→ Records for this exercise
┌──

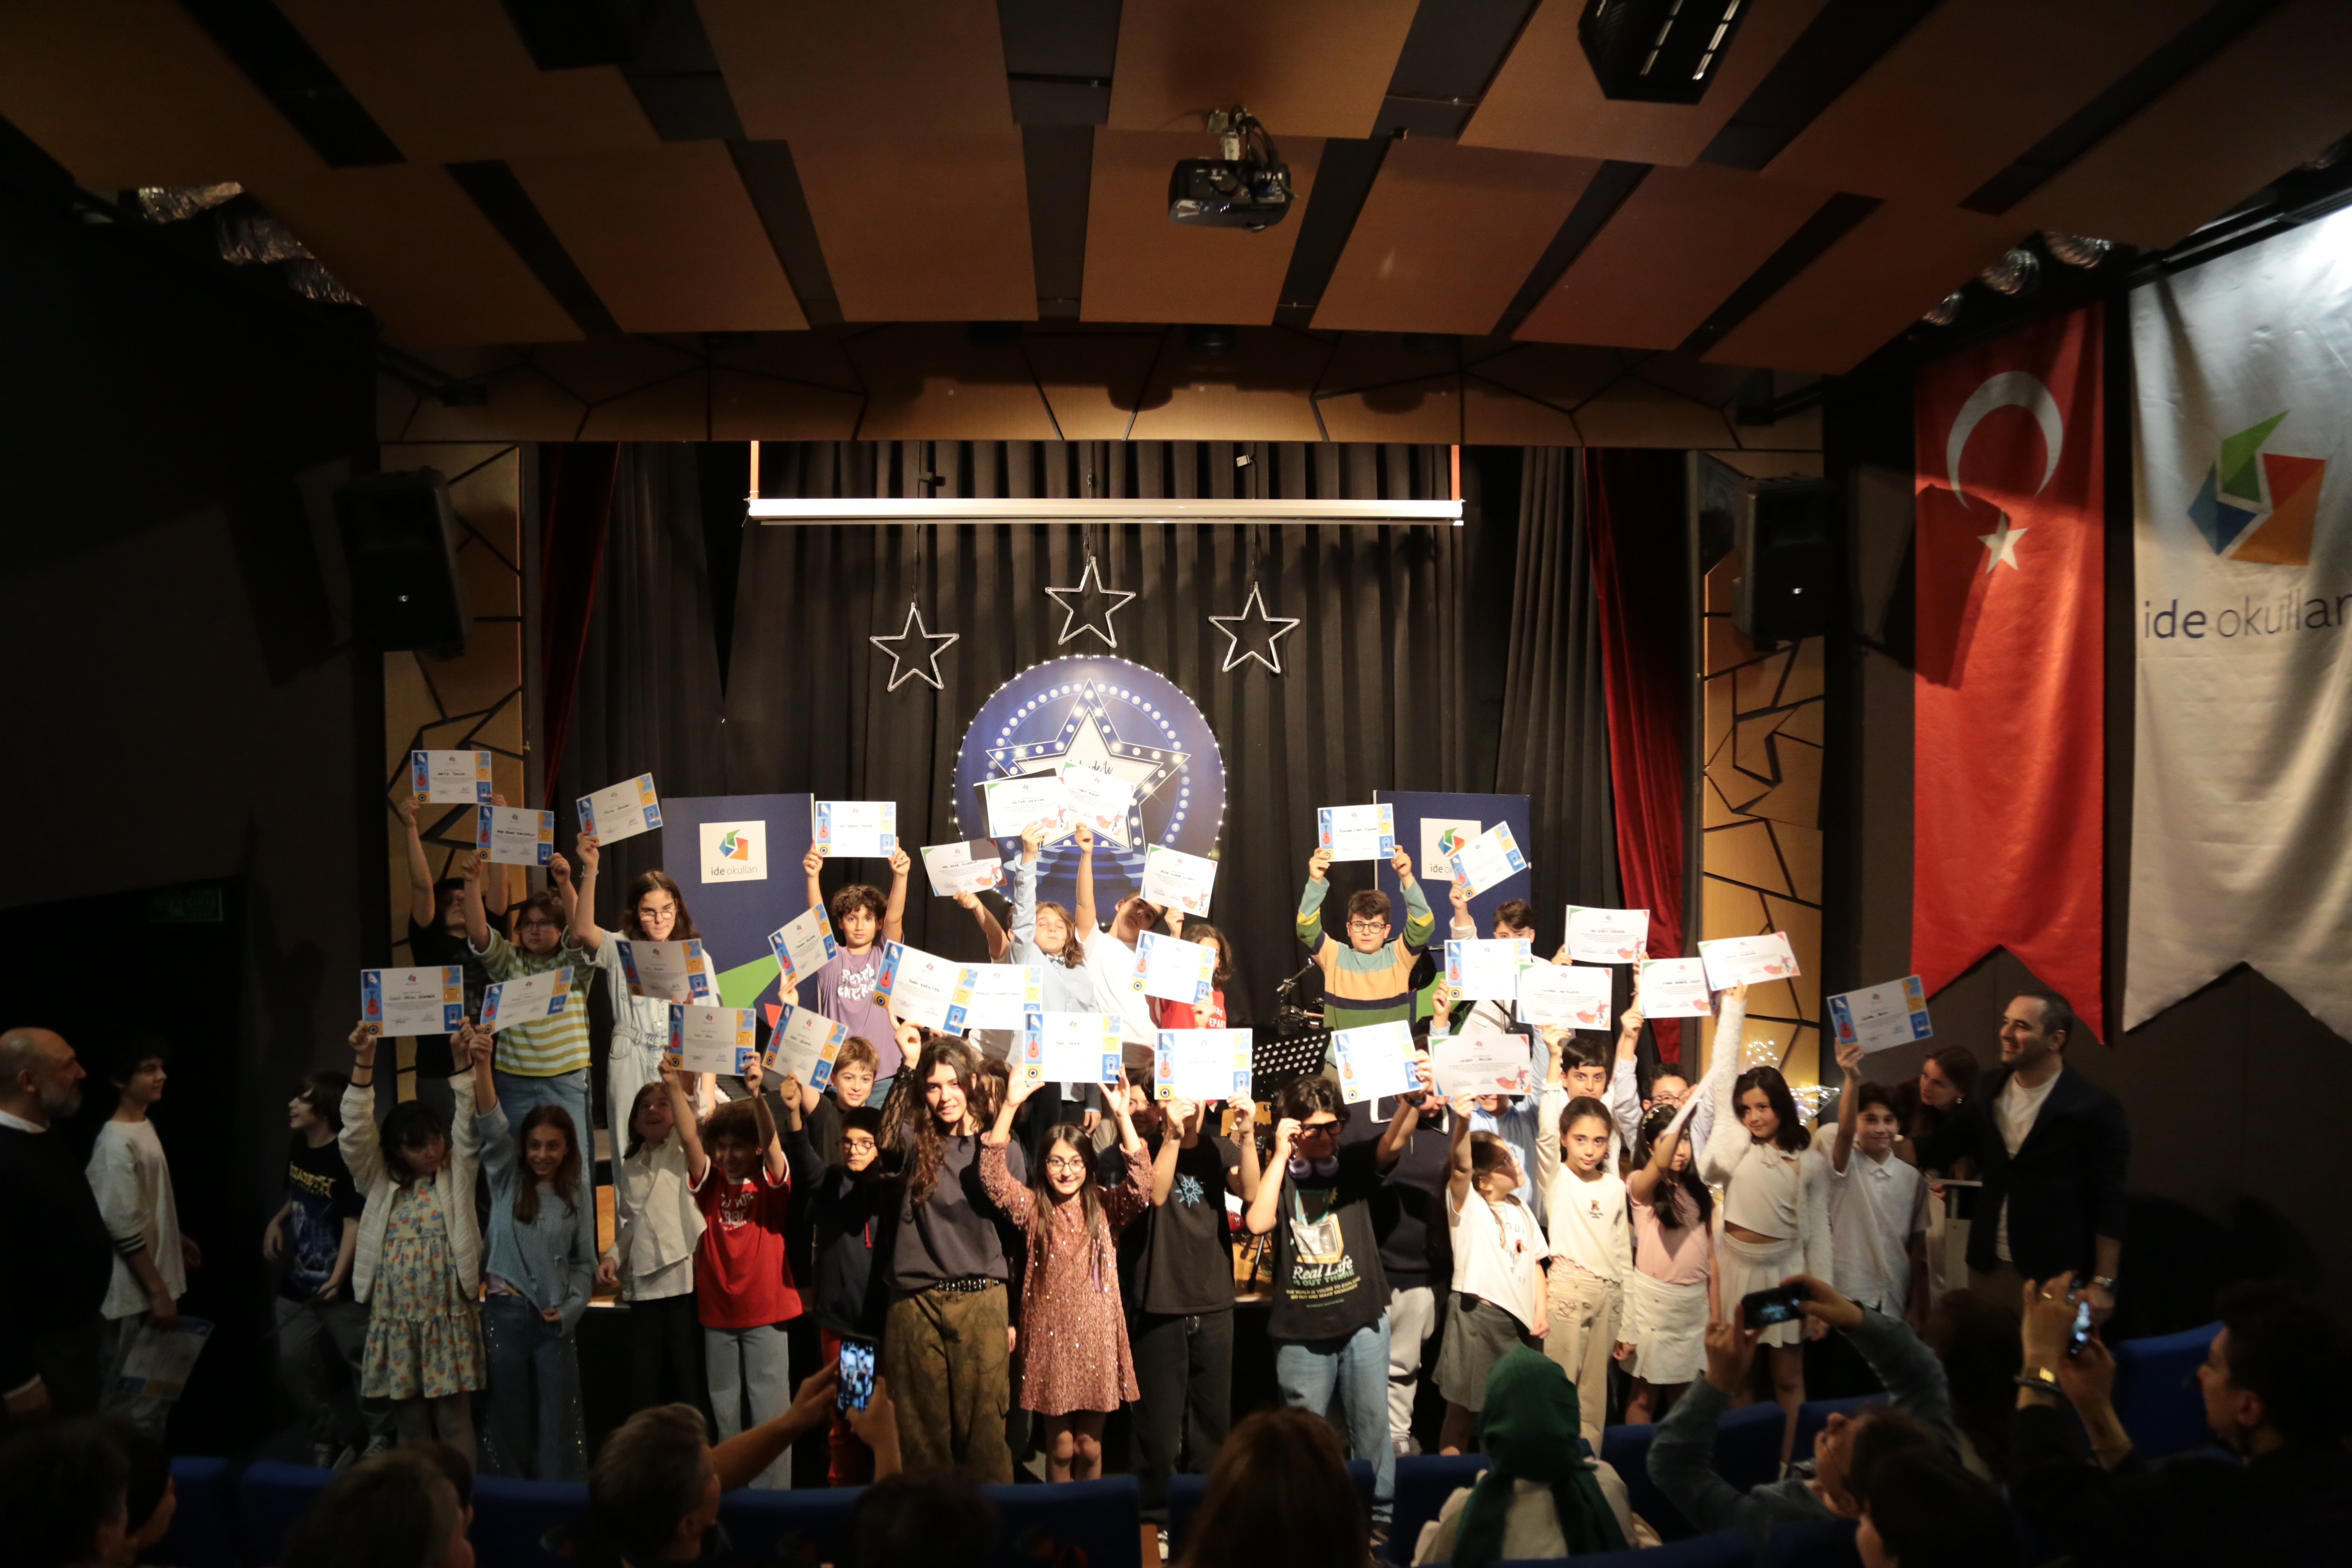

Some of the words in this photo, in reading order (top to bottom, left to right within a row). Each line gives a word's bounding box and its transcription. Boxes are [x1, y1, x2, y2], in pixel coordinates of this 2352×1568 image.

[2144, 598, 2206, 639] ide
[711, 867, 725, 876] ide
[726, 865, 758, 875] okulları
[1430, 863, 1443, 873] ide
[1292, 1264, 1323, 1280] Real
[1324, 1254, 1353, 1277] Life
[1302, 1277, 1322, 1286] OUT
[1323, 1268, 1355, 1283] THERE
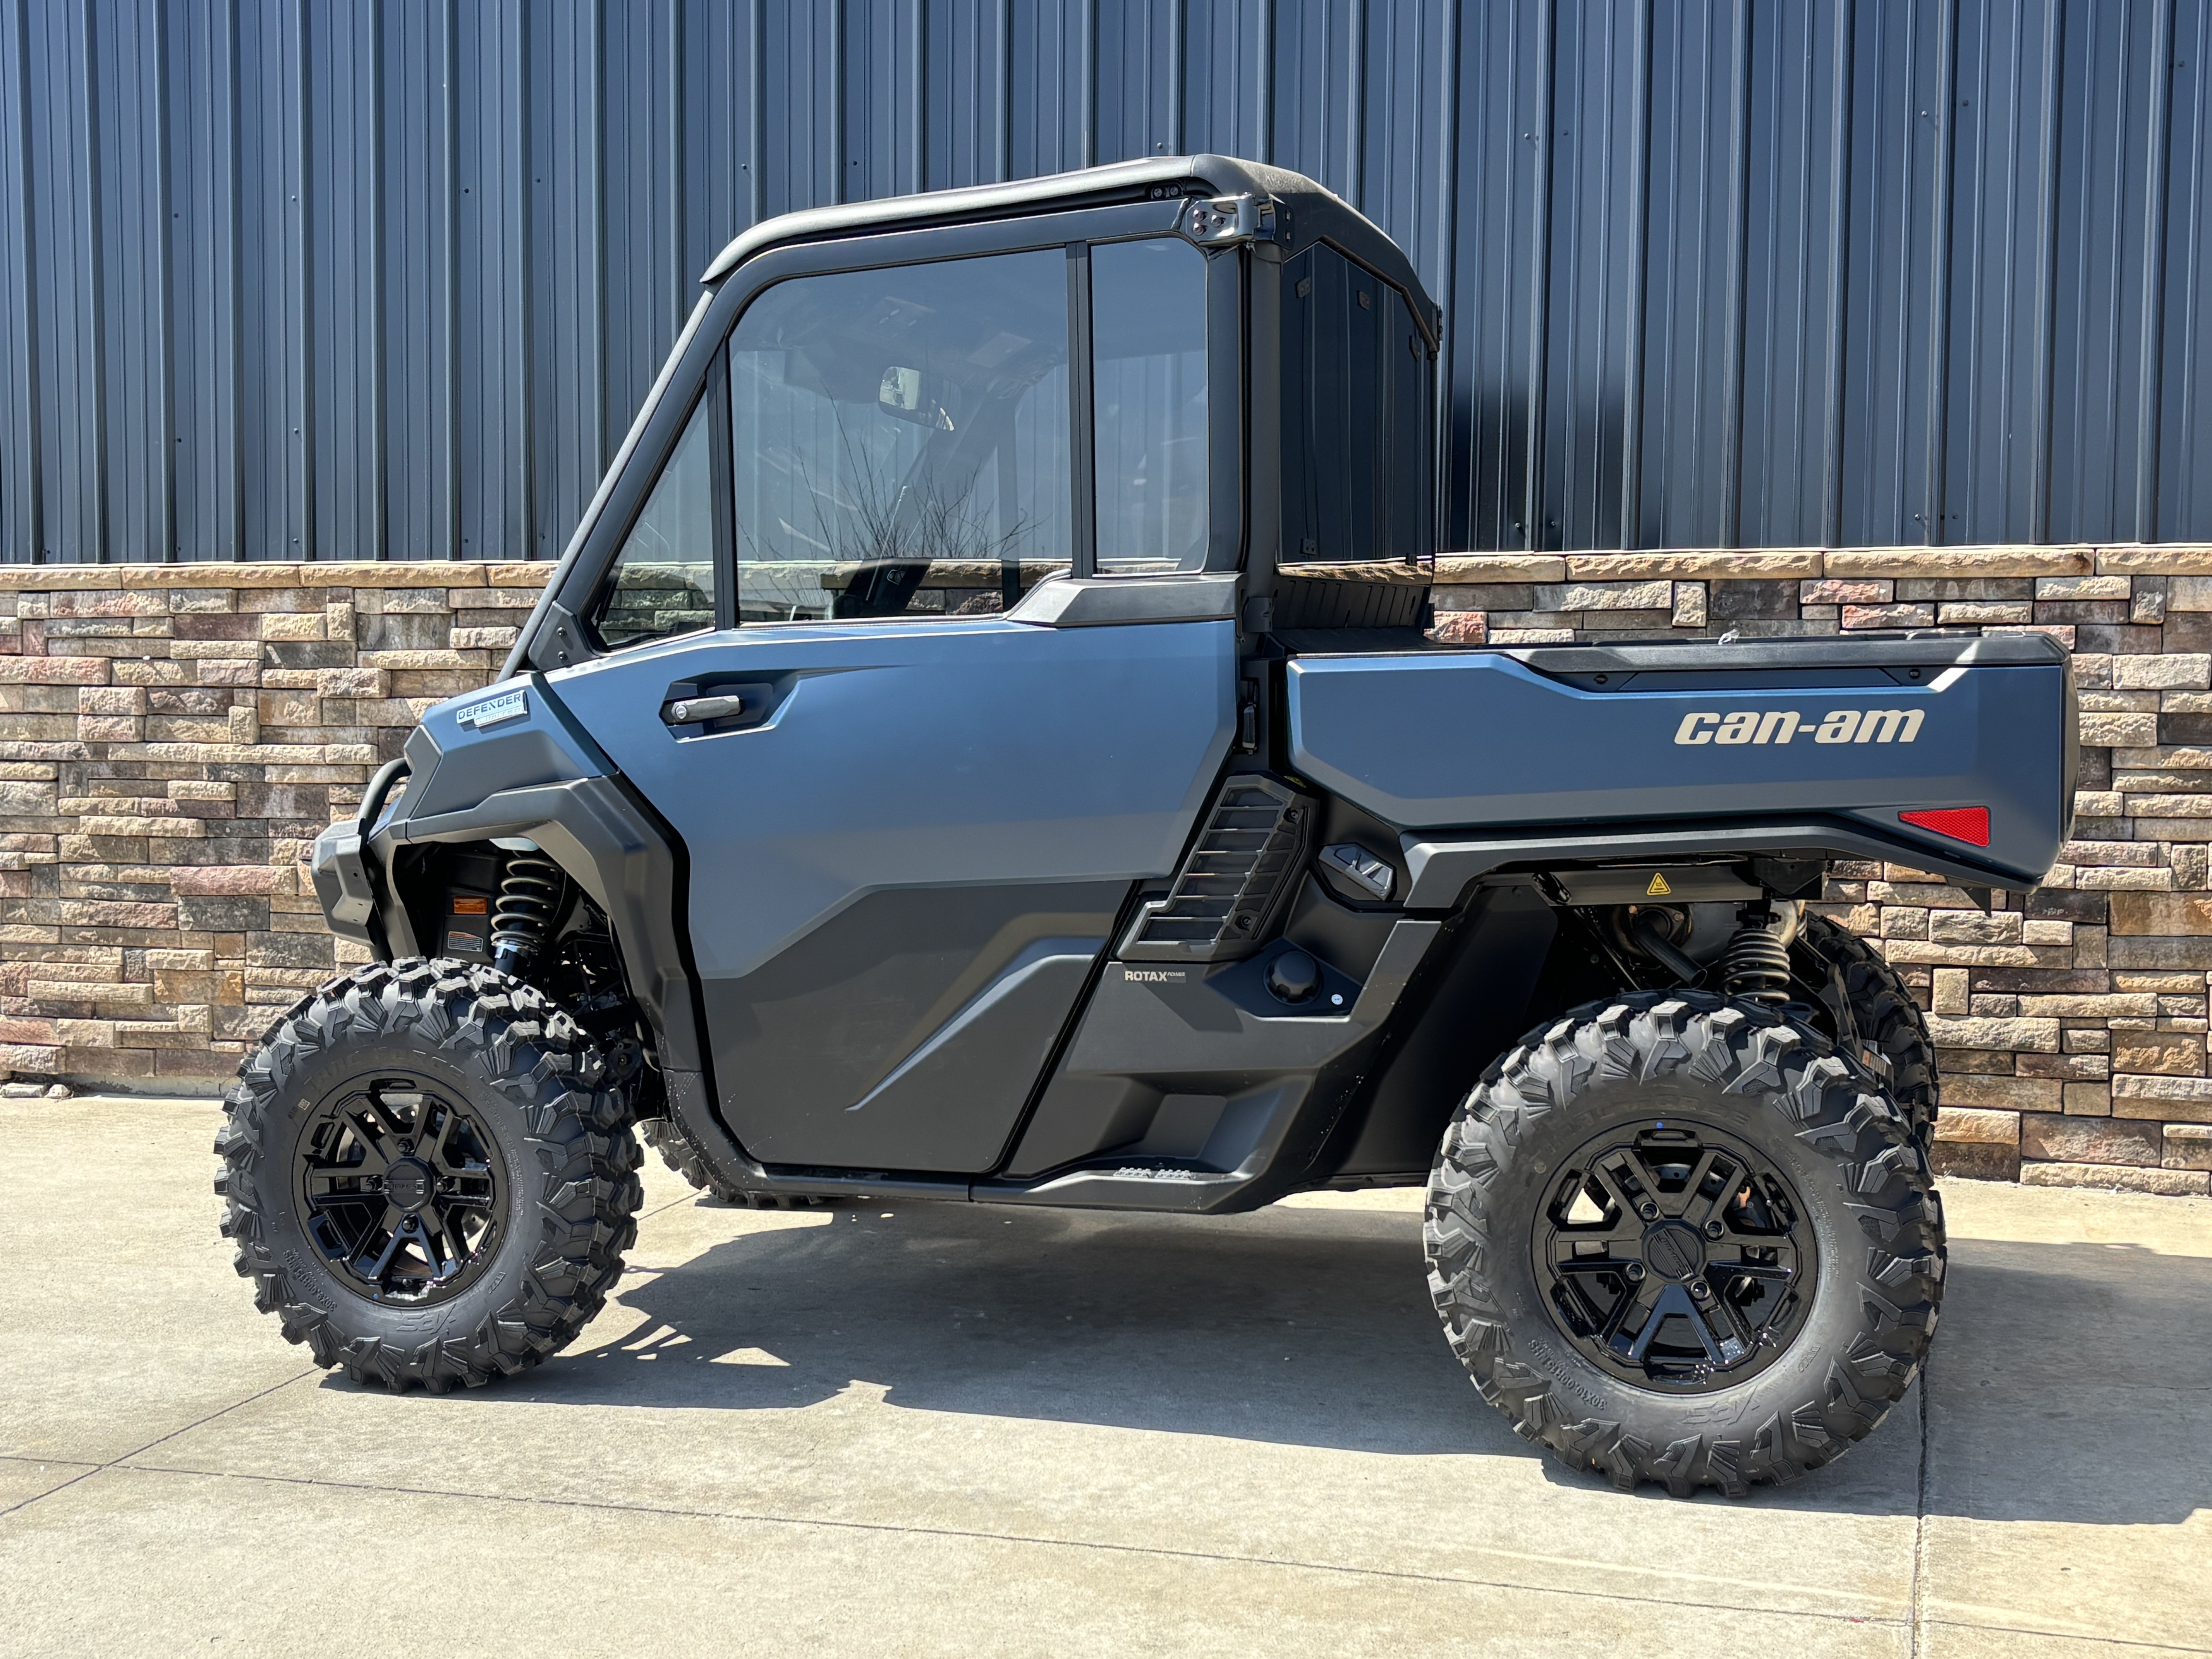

└──

→ Action item
Your answer must be an exact copy of the records, free of images.

→ The answer
Some of the words in this photo, in reading order (top to bottom, left to right within a row). Each line gives a word's bounding box and its transcription. Boxes are [x1, y1, x2, y2], in pixel coordinates of this 2352×1568 image.

[2144, 598, 2206, 639] ide
[711, 867, 725, 876] ide
[726, 865, 758, 875] okulları
[1430, 863, 1443, 873] ide
[1292, 1264, 1323, 1280] Real
[1324, 1254, 1353, 1277] Life
[1302, 1277, 1322, 1286] OUT
[1323, 1268, 1355, 1283] THERE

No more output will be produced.